• [Listed records]
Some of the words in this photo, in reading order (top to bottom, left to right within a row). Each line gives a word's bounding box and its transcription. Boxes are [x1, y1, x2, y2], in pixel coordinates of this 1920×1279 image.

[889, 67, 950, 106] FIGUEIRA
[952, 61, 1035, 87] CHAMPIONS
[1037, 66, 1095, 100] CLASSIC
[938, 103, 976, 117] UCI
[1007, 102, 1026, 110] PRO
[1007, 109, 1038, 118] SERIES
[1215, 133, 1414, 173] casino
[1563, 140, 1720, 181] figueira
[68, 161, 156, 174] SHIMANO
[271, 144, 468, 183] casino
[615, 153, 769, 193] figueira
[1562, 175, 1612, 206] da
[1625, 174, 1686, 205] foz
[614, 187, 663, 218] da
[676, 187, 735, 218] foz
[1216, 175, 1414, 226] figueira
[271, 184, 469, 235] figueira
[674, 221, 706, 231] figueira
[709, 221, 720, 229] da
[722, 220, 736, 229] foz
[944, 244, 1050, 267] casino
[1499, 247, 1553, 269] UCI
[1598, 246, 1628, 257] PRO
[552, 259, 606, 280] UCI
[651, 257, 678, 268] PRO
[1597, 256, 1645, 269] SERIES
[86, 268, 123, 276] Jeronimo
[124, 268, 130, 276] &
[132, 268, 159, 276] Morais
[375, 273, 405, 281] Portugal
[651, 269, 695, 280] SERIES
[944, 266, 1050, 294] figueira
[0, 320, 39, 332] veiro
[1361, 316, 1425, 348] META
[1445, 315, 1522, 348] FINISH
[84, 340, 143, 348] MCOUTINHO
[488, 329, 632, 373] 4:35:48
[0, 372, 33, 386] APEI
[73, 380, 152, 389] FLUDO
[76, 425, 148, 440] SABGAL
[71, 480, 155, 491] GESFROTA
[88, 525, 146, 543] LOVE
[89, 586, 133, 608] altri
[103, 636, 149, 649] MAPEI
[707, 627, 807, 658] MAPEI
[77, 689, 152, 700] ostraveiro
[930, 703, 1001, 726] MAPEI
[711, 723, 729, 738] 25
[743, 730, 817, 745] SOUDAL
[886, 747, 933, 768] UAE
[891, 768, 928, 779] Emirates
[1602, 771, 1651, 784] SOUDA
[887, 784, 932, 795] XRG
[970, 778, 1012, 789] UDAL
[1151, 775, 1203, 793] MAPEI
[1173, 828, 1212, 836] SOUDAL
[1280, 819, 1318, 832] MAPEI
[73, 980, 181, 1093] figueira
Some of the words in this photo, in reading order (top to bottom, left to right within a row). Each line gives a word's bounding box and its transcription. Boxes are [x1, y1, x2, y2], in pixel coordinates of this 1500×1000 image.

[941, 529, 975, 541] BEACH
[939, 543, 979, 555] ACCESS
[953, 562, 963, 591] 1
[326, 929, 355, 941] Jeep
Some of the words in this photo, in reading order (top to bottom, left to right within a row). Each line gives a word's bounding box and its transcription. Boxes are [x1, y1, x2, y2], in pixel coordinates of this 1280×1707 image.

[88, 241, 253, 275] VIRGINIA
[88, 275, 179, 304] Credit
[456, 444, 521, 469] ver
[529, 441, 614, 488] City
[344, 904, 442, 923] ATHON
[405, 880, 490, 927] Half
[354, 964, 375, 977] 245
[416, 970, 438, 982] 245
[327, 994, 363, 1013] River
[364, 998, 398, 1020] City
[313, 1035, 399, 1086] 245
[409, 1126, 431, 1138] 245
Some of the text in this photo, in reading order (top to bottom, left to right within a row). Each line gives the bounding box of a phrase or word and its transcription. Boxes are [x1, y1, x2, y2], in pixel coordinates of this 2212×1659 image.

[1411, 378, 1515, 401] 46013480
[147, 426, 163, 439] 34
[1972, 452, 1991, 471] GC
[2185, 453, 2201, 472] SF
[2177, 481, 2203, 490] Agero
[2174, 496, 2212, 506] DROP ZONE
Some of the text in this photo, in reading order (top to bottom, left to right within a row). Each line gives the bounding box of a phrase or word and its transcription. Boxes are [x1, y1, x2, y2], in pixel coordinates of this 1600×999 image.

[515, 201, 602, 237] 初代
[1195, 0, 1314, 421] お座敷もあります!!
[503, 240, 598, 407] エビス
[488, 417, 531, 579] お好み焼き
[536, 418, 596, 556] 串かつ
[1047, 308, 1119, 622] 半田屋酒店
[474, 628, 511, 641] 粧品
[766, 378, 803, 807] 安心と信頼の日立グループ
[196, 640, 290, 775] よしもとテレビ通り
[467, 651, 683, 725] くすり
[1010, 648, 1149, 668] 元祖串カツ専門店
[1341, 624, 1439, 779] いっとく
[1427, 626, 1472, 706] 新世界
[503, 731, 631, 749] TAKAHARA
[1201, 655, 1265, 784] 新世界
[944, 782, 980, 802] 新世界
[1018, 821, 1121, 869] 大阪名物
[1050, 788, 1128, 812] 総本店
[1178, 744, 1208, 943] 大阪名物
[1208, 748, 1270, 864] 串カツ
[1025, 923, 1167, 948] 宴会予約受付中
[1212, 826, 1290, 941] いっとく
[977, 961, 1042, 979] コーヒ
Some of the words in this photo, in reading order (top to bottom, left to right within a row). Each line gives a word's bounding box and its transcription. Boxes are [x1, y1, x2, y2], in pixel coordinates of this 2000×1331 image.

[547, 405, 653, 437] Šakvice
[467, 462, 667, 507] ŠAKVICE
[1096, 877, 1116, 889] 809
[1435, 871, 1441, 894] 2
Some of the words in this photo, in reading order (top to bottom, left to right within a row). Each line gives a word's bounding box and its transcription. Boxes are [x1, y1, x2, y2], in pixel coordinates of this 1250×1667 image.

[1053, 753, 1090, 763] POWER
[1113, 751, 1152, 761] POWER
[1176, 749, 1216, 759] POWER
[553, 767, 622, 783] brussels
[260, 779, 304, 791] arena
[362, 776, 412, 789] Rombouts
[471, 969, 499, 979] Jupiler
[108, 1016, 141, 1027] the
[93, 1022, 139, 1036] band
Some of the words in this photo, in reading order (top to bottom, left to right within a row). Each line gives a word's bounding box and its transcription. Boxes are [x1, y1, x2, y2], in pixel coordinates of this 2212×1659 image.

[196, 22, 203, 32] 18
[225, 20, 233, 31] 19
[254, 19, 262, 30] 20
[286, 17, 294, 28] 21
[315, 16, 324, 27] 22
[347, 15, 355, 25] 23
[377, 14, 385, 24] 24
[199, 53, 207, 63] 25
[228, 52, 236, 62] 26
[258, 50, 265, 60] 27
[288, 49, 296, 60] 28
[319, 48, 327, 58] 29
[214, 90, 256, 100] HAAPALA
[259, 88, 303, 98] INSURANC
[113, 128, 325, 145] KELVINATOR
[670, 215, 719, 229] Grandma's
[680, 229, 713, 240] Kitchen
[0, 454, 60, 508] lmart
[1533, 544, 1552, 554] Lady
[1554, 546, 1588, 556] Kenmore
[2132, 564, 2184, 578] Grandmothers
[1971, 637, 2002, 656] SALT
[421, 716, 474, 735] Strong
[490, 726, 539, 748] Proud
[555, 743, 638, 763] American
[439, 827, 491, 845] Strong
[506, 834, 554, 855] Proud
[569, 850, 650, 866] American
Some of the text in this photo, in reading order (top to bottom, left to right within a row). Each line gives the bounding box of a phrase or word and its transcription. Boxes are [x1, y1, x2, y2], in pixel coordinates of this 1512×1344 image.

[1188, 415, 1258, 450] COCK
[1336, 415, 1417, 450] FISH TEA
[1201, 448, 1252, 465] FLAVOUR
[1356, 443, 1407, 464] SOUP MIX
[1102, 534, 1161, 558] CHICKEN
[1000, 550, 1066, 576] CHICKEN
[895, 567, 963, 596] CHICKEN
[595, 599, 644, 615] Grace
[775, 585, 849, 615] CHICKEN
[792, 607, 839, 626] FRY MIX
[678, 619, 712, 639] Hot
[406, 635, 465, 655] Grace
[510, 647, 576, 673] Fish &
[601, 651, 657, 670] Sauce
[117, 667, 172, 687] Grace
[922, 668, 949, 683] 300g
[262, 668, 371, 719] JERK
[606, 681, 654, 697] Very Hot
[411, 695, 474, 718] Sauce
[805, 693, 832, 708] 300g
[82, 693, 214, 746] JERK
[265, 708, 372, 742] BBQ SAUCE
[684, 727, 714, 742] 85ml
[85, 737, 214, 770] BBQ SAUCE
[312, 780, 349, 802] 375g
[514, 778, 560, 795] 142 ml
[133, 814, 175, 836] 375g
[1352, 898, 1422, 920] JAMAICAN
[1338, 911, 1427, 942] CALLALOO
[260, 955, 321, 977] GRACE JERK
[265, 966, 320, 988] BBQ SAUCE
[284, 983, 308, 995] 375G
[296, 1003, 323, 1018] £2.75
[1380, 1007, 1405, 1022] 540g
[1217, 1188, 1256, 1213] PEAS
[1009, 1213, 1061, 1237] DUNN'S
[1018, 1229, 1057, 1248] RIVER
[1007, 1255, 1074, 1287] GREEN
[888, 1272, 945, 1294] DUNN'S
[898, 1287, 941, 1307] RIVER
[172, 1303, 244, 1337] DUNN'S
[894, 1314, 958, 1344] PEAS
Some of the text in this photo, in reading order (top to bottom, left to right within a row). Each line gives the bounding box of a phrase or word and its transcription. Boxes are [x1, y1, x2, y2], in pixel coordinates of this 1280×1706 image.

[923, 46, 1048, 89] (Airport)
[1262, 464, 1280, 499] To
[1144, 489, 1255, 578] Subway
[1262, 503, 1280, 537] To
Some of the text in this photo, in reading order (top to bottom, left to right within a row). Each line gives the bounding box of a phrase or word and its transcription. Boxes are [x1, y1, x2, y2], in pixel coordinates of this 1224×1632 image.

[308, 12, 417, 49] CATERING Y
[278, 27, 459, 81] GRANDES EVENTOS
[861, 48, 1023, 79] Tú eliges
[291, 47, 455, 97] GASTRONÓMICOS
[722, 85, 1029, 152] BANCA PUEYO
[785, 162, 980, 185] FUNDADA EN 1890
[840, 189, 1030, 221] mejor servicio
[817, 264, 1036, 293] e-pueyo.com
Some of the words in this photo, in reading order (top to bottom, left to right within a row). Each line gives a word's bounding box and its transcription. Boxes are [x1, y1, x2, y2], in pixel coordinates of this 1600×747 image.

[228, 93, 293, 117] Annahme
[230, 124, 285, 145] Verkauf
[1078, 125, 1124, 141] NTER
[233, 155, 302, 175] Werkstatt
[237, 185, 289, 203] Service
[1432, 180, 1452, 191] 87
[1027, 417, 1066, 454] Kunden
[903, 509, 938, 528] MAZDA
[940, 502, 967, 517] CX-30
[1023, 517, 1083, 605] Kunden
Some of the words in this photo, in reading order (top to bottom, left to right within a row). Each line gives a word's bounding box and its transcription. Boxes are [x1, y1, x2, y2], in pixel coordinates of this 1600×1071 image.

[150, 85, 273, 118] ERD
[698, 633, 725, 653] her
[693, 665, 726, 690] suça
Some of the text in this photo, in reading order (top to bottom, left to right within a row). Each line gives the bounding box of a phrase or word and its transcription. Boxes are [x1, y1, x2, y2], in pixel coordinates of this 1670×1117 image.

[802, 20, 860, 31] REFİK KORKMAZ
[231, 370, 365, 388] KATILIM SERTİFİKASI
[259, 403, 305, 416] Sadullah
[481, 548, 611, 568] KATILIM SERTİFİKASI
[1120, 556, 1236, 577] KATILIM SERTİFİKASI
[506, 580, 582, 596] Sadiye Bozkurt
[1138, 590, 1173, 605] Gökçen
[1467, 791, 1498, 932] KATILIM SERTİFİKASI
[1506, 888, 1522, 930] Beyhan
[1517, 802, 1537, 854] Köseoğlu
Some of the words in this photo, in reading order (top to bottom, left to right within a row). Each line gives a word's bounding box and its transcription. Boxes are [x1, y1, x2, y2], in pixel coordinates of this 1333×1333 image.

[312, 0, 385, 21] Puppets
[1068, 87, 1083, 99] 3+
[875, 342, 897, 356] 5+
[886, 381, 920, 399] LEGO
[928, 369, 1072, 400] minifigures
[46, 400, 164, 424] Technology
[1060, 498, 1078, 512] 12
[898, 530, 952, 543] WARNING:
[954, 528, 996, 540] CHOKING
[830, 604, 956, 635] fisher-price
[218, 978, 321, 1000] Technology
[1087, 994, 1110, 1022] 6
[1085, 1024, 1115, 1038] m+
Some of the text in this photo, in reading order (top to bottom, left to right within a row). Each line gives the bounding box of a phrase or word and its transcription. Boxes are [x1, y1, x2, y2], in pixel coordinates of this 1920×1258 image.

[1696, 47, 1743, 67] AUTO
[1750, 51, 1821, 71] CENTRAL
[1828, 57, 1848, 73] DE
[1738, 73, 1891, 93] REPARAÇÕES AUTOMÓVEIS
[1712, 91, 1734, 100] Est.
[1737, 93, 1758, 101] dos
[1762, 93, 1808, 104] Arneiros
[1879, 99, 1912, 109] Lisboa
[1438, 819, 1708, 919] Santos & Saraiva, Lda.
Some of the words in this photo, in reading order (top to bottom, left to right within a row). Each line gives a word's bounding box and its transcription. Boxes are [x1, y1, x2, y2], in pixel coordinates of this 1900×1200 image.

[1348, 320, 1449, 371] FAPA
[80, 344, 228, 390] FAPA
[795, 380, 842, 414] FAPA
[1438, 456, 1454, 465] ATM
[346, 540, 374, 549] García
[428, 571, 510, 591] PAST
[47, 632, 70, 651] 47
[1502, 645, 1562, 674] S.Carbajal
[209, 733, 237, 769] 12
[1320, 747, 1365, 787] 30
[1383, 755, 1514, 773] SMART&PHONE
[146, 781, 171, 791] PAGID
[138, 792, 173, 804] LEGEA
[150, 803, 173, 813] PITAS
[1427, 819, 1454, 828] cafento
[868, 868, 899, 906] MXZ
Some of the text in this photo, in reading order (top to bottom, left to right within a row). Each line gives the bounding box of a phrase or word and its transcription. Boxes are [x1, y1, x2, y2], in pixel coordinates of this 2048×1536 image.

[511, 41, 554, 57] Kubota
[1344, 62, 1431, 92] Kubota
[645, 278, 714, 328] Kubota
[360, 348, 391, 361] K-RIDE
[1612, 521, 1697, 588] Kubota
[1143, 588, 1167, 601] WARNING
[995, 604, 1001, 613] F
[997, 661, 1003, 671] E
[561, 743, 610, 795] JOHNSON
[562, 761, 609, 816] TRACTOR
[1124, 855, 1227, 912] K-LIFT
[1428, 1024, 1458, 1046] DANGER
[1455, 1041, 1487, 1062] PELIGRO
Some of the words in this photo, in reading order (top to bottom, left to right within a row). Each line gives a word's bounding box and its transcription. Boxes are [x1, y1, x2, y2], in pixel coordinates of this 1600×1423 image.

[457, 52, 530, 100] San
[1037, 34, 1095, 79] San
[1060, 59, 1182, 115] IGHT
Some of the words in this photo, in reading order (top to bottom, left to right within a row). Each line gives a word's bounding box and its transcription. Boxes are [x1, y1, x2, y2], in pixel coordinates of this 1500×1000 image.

• [What you need to do]
Give back, unchanged, every line from the one with "this 1600×1423 image." to the end of the entries above.

• [The answer]
Some of the words in this photo, in reading order (top to bottom, left to right within a row). Each line gives a word's bounding box and its transcription. Boxes are [x1, y1, x2, y2], in pixel coordinates of this 1600×1423 image.

[457, 52, 530, 100] San
[1037, 34, 1095, 79] San
[1060, 59, 1182, 115] IGHT
Some of the words in this photo, in reading order (top to bottom, left to right within a row). Each line gives a word's bounding box and its transcription. Boxes are [x1, y1, x2, y2], in pixel coordinates of this 1500×1000 image.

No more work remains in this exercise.